Dorothea Lindauer se disponía a elegir su final.
– Buena suerte -le deseó él.
Ella se detuvo, se volvió y le dedicó una débil sonrisa.
– Bitte, Herr Malone. -Exhaló un hondo suspiro y pareció armarse de valor-. Debo hacer esto sola -dijo con ojos suplicantes.
– Me quedaré aquí -respondió él.
La vio subir la escalera y cruzar la puerta en dirección a la ciudad.
Malone clavó la vista en su padre, cuyos muertos ojos no despedían ninguna luz. Tenía tantas cosas que decir. Quería decirle que había sido un buen hijo, un buen oficial de la Marina, un buen agente y, en su opinión, un buen hombre. Había sido condecorado en seis ocasiones. Había fracasado como marido, pero se estaba esforzando para ser un padre mejor. Quería formar parte de la existencia de Gary, siempre. Durante toda su vida adulta se había preguntado qué había sido de su padre, e imaginado lo peor Por desgracia la realidad era más terrible que cualquier cosa con la que hubiese fantaseado. Su madre había vivido igual de atormentada. No había vuelto a casarse, había preferido aguantar décadas aferrada a su dolor, haciéndose llamar siempre señora de Forrest Malone. ¿Por qué el pasado nunca parecía terminar? Se oyó un disparo, como un globo que estallase bajo una manta.
El imaginó la escena.
Dorothea Lindauer había puesto fin a su vida. Por regla general, el suicidio se consideraba el resultado de una mente enferma o de un corazón destrozado, pero en ese caso era la única forma de detener la locura. Malone se preguntó si Isabel Oberhauser alcanzaría a entender lo que había hecho. Su marido, su nieto y sus hijas habían muerto.
La soledad se coló en sus huesos mientras se embebía en el profundo silencio de la tumba. Le vinieron a la cabeza los Proverbios.
Una verdad sencilla de hacía tiempo.
«El que perturba su casa heredará viento.»
NOVENTA Y CUATRO
Washington, D.C. Sábado,22 de diciembre 16.15 horas
Stephanie entró en el despacho Oval, y Danny Daniels se levantó para saludarla. Edwin Davis y Diane McCoy ya se encontraban allí.
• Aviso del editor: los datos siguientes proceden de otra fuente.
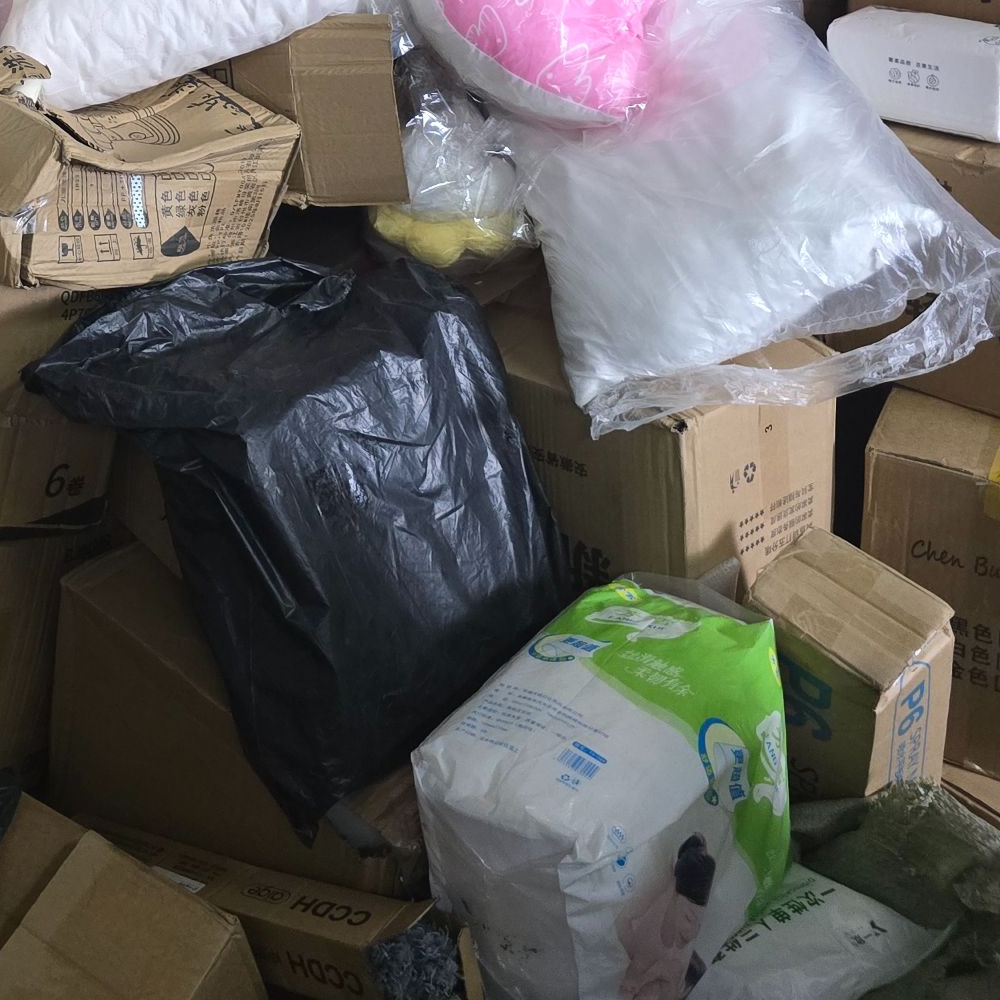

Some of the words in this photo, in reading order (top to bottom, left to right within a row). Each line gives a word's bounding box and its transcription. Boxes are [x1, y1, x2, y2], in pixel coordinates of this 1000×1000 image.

– Feliz Navidad -dijo el presidente.
Ella le devolvió el saludo. Daniels la había hecho viajar desde Atlanta la tarde del día anterior, facilitándole el mismo jet del servicio secreto que ella y Davis utilizaron hacía más de una semana para desplazarse de Asheville a Fort Lee.
Davis tenía buen aspecto, la cara en perfecto estado, ya sin magulladuras. Llevaba traje y corbata y estaba sentado muy erguido en una silla tapizada, el rostro nuevamente granítico. Stephanie había conseguido asomarse fugazmente a su corazón y se preguntó si ese privilegio la condenaría a no poder llegar a conocerlo mejor. No parecía de los que gustaban de desnudar el alma.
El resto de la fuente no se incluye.